Operação em Sinaloa encontrou duas valas comuns em El Verde, dez acampamentos ligados ao crime e um corpo que apresenta “características semelhantes” a uma das vítimas, segundo autoridades
Uma ampla operação de busca no noroeste do México, mobilizando mais de mil agentes, revelou valas comuns e restos humanos perto de uma mina onde foram raptados dez trabalhadores, amplificando o temor na região.
Familiares e moradores relataram retirada forçada dos operários de um acampamento na área do projeto, e o vilarejo próximo, Pánuco, foi praticamente esvaziado após o sequestro ocorrido em 23 de janeiro.
As informações sobre os achados e o andamento das buscas foram divulgadas publicamente e discutidas por autoridades locais, conforme informação divulgada pelo g1.
O que as buscas encontraram
As autoridades mexicanas informaram que, durante a operação, foram localizados dez acampamentos ligados ao crime organizado nas proximidades da mina da empresa canadense Vizsla Silver, na localidade de Pánuco.
Também foram encontradas duas valas comuns no povoado de El Verde, de onde foram retirados corpos e restos mortais. A Procuradoria-Geral mexicana afirmou que um dos corpos apresenta “características semelhantes” às de um dos trabalhadores raptados em 23 de janeiro, e que passa por procedimentos de identificação.
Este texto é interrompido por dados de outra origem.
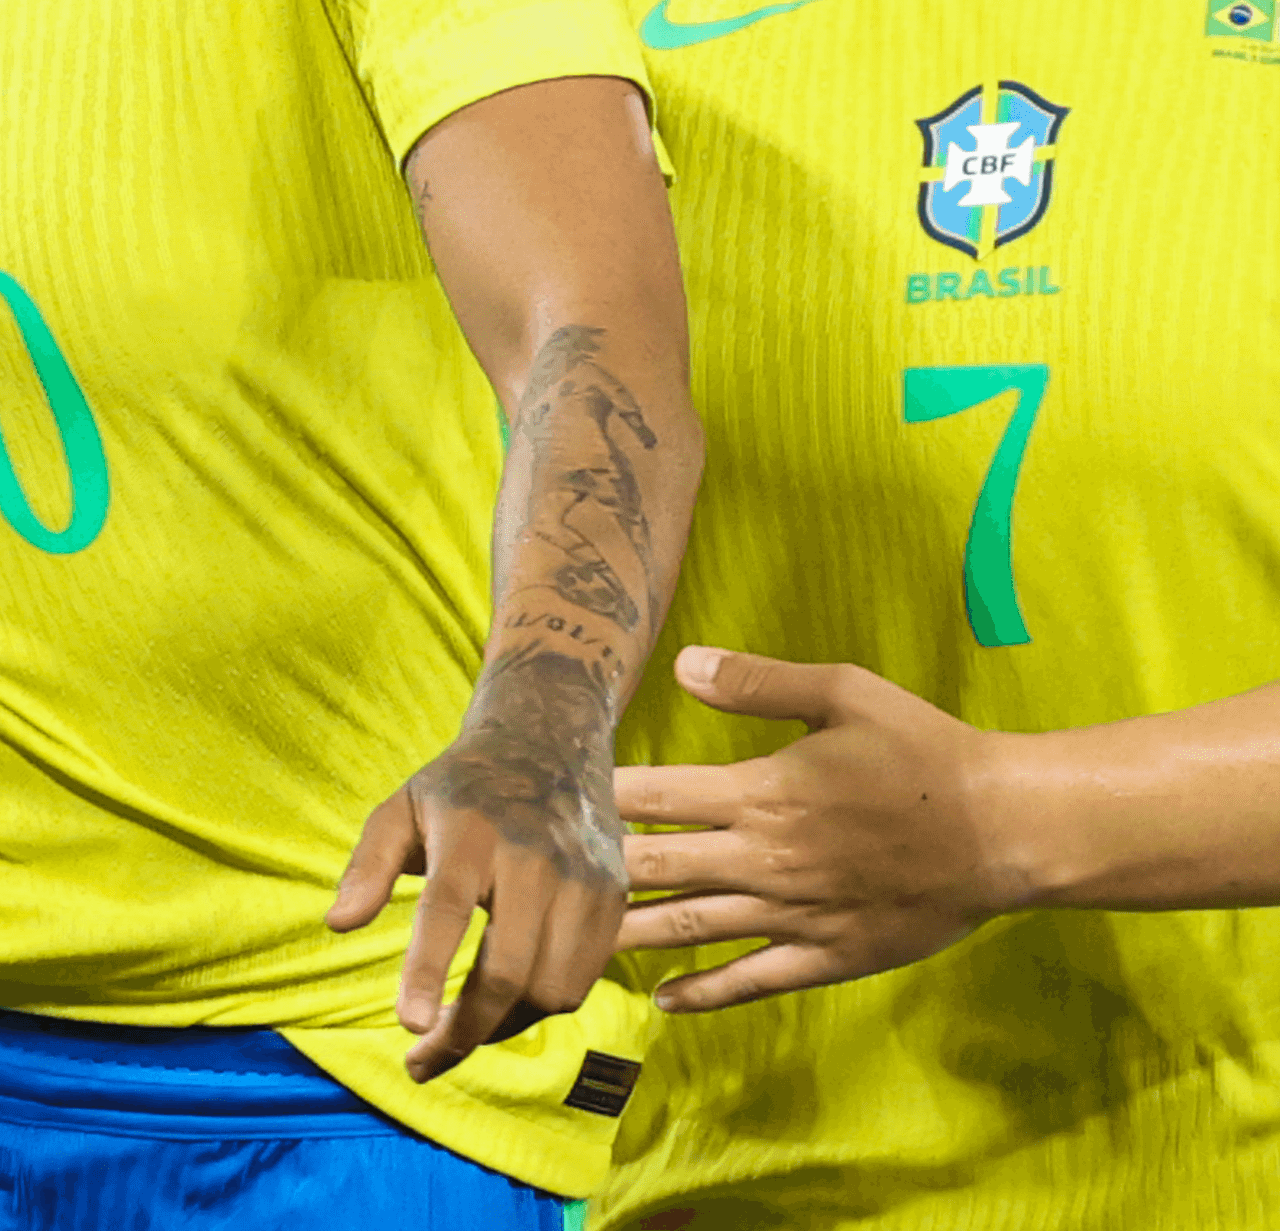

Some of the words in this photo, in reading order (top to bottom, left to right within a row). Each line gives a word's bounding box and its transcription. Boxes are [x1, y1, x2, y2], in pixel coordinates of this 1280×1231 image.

[962, 153, 1016, 175] CBF
[905, 266, 1061, 304] BRASIL
[901, 362, 1051, 649] 7
Integrantes de um coletivo de busca relataram a cena no local, com um depoimento impactante: “Os veículos saíram com corpos em decomposição, com um cheiro muito forte”, disse Marisela Carrizales, conforme relato divulgado em reportagens sobre as buscas.
Contexto da violência e grupos envolvidos
A Procuradoria-Geral apontou que a disputa interna do Cartel de Sinaloa, entre facções como Los Mayos e Los Chapitos, elevou a violência na região desde 2024, transformando áreas de mineração em palcos de confronto e controle territorial.
A riqueza mineral de Concordia, incluindo prata, ouro, chumbo e zinco, atrai interesse de criminosos por extorsões e sequestros, e pesquisadores locais destacam que, até então, os alvos eram garimpeiros artesanais, e não funcionários de empresas transnacionais.
Impacto local e deslocamento de moradores
Segundo relatos, cerca de 200 moradores deixaram Pánuco por medo da violência. Moradores afirmam temer pressão para revelar informações sobre o paradeiro dos operários, e negam envolvimento com facções, como disse Roque Vargas, morador de Chirimoyos.
O sequestro de um grupo tão numeroso de funcionários de uma empresa estrangeira é considerado inédito na região, e aumentou a pressão sobre as autoridades para encontrar os mineradores sequestrados e responsabilizar os autores.
Próximos passos da investigação
As buscas seguem em curso com a participação de agentes federais e coletivos locais, enquanto os peritos trabalham na identificação dos corpos encontrados e na coleta de evidências nos acampamentos localizados.
Familiares esperam por respostas sobre os dez trabalhadores raptados, e autoridades mexicanas continuam a operação para localizar os desaparecidos e desmantelar as estruturas criminosas responsáveis pelo sequestro, mantendo comunicação sobre avanços das investigações.